• _Activity_
From the first line to the last, print the records exactly, leaving out the pictures.

(Dataset entries)
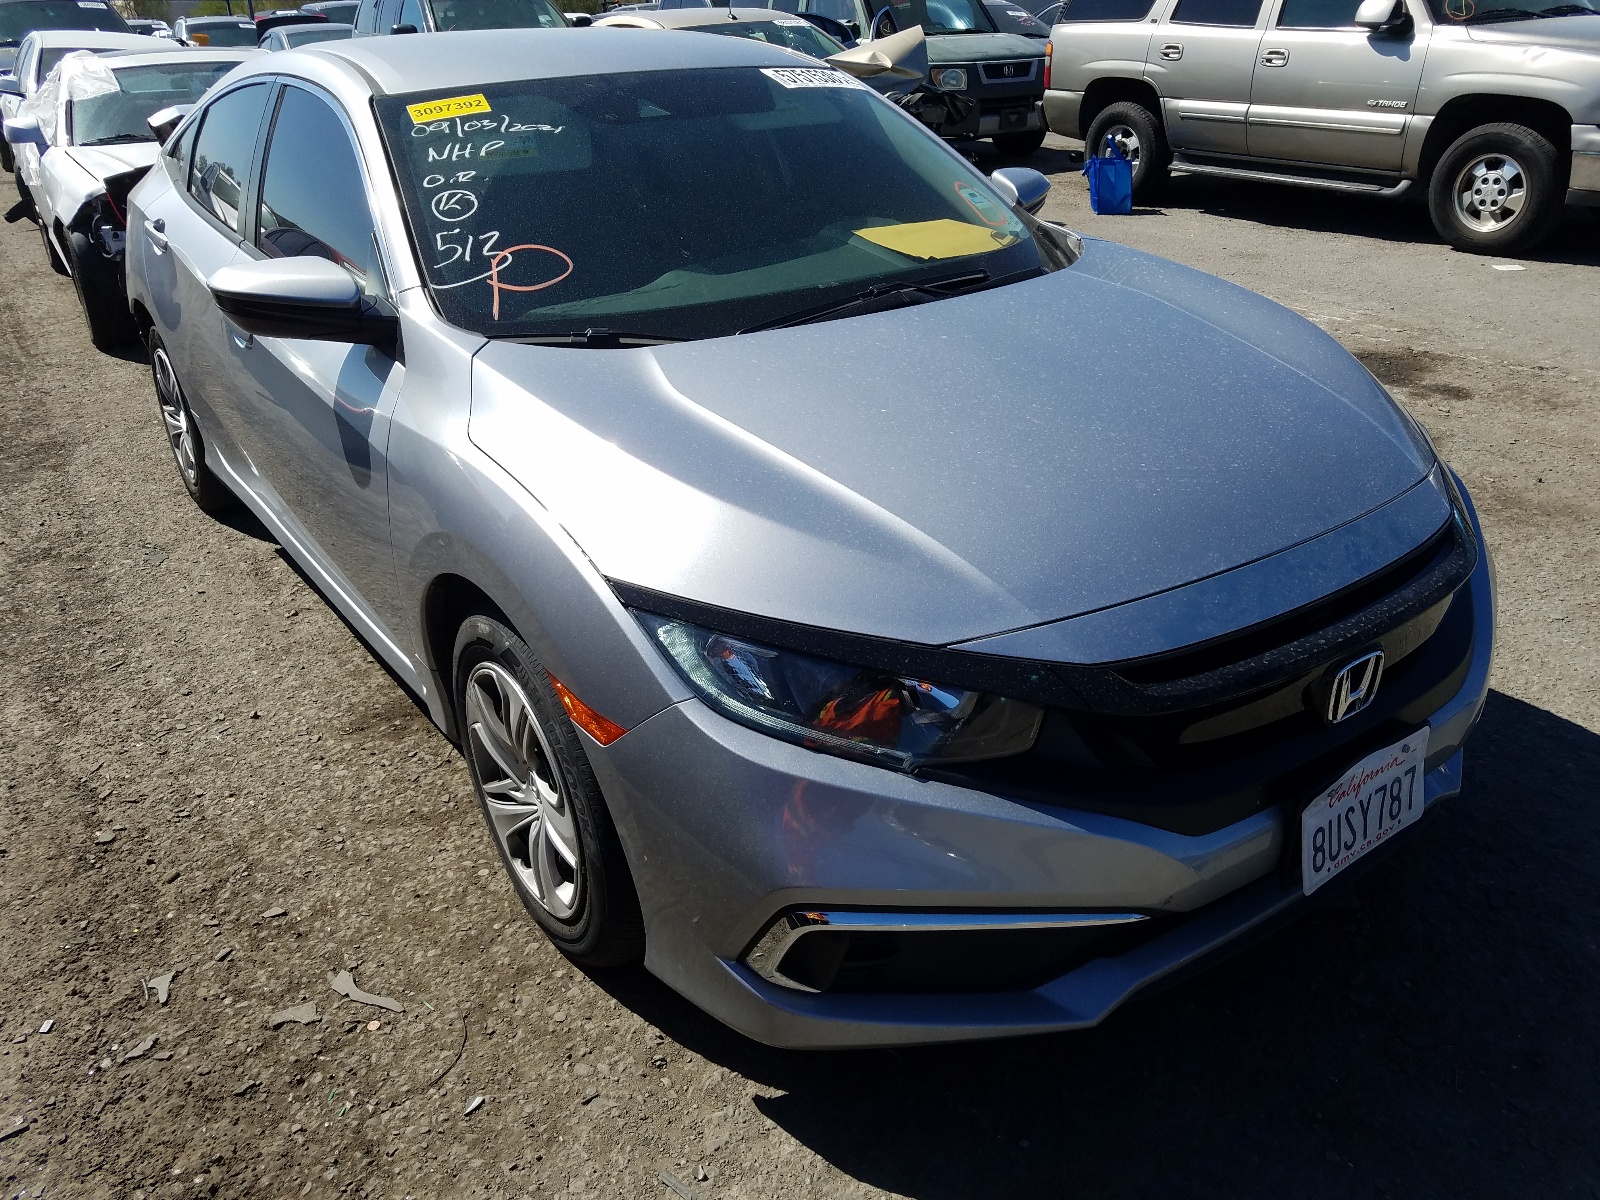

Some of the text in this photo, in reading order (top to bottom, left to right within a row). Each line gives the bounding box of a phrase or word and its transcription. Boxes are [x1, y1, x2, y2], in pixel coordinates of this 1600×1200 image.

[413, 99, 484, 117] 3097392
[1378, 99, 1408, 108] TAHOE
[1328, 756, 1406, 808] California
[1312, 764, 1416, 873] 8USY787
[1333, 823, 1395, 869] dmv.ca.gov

• _Output below_
Some of the text in this photo, in reading order (top to bottom, left to right within a row). Each line gives the bounding box of a phrase or word and its transcription. Boxes are [x1, y1, x2, y2], in pixel coordinates of this 1600×1200 image.

[413, 99, 484, 117] 3097392
[1378, 99, 1408, 108] TAHOE
[1328, 756, 1406, 808] California
[1312, 764, 1416, 873] 8USY787
[1333, 823, 1395, 869] dmv.ca.gov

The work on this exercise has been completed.